Barton Seaver - Sustainability and Seafood

Wednesday, November 16, 2011
4:30 - 6:30 pm
008 Kemeny Hall
Barton Seaver -  National Geographic Fellow, Chef, and Author of *For Cod and Country

The compelling narrative of conservation is a story of responsible consumption. Barton Seaver uses the common lens of dinner to translate some of the big issues affecting our oceans into everyday cultural concerns such as health, jobs and community. He explains how a sustainable approach to seafood goes beyond red lists and green lists. It's not just about what products we use, but just as importantly, how we use them. Beyond that, we have an opportunity as consumers to participate in the restoration of damaged ecosystems and depleted fisheries by supporting the work of fishermen and organizations working to improve the state of the marine environment. Seaver's thought-provoking and inspiring stories teach us about innovative ways everyone can glean more economic and social value out of theproducts we use every day. His mission is to help us restore our relationships with the natural world and, in doing so, achieve our common goals for well-being, prosperity, and sustainability.

ENVS 17 Marine Policy class visit to the New England Aquarium October 4, 2011

On October 4, 2011, students in the ENVS 17: Marine Policy class journeyed to the New England Aquarium in order to observe the ecological systems they read about for class and to interact with oceans experts from many different fields. They were lucky to be able to join the group Women Working for the Oceans (W2O) for an IMAX presentation by National Geographic photo-journalist Brian Skerry. Brian uses his amazing photographs to tell stories about oceans ecosystems that are threatened due to human action. Then, Vice President for Research, Scott Kraus, gave a special presentation on the Aquarium's research and outreach programs for the class. After these talks, the students had about three hours to explore the aquarium itself before heading over to Legal Seafoods for a sustainable seafood dinner. There, one of the chefs gave a short introduction to their criteria for sustainability and answered many questions. Profs. Anne Kapuscinski (conservation biologist and chair of ENVS) and D.G. Webster (political economist and ENVS 17 professor) were also on hand throughout the day to answer students’ questions and highlight points of interest.

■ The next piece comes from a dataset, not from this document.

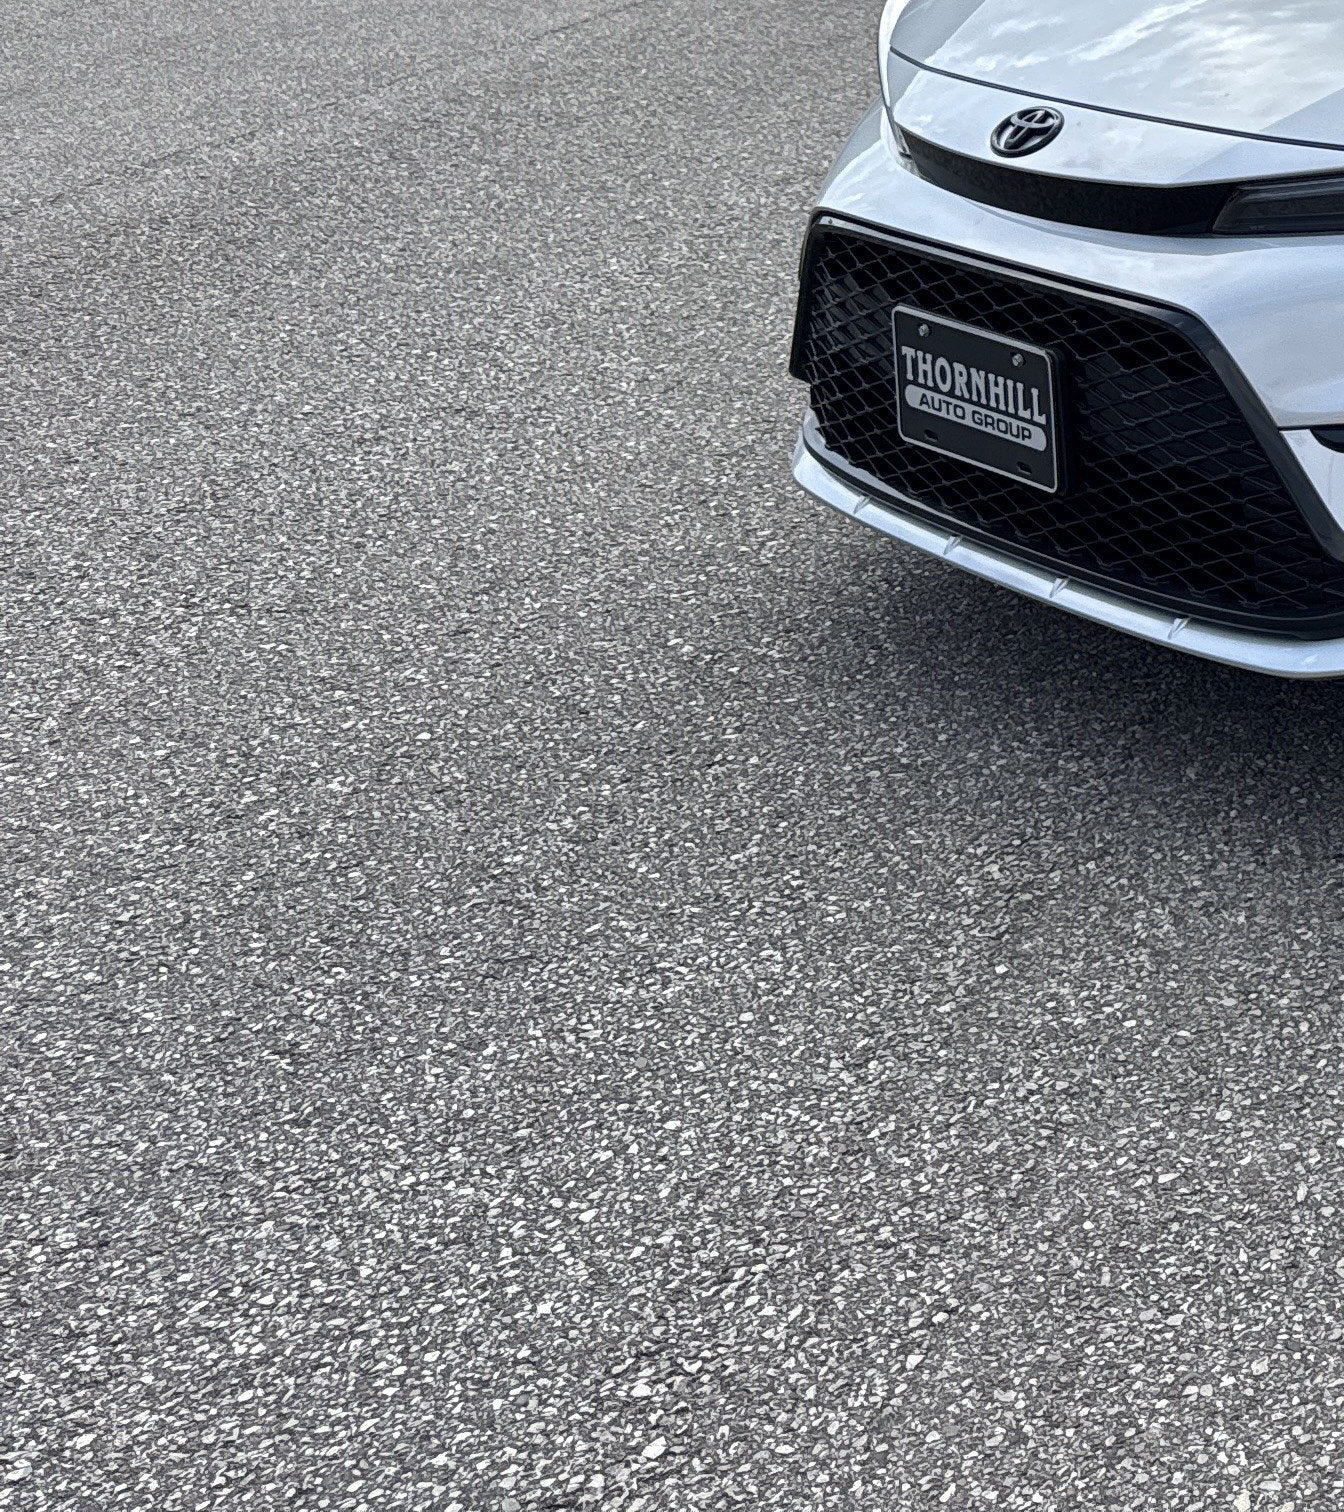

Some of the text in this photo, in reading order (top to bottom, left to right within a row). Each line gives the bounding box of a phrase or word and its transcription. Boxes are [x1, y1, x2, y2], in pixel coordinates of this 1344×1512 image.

[901, 345, 1047, 425] THORNHILL
[918, 393, 1032, 441] AUTO GROUP

Johnny Clegg Visits Dartmouth and the Upper Valley, April, 2011

Visit with Students
South African musician, environmental and cultural activist, and anthropologist Johnny Clegg took time out from his six week, 32-show tour of the U.S. and Canada to speak with a group of students in a crowded Environmental Studies Library in Fairchild on the afternoon of April 6th, 2011. This is the second time that the Environmental Studies Program has brought Clegg to Dartmouth. Clegg, who was born in England and lived in several African nations during his childhood, spoke about his adopted homeland, the struggle to end apartheid, and his musical influences.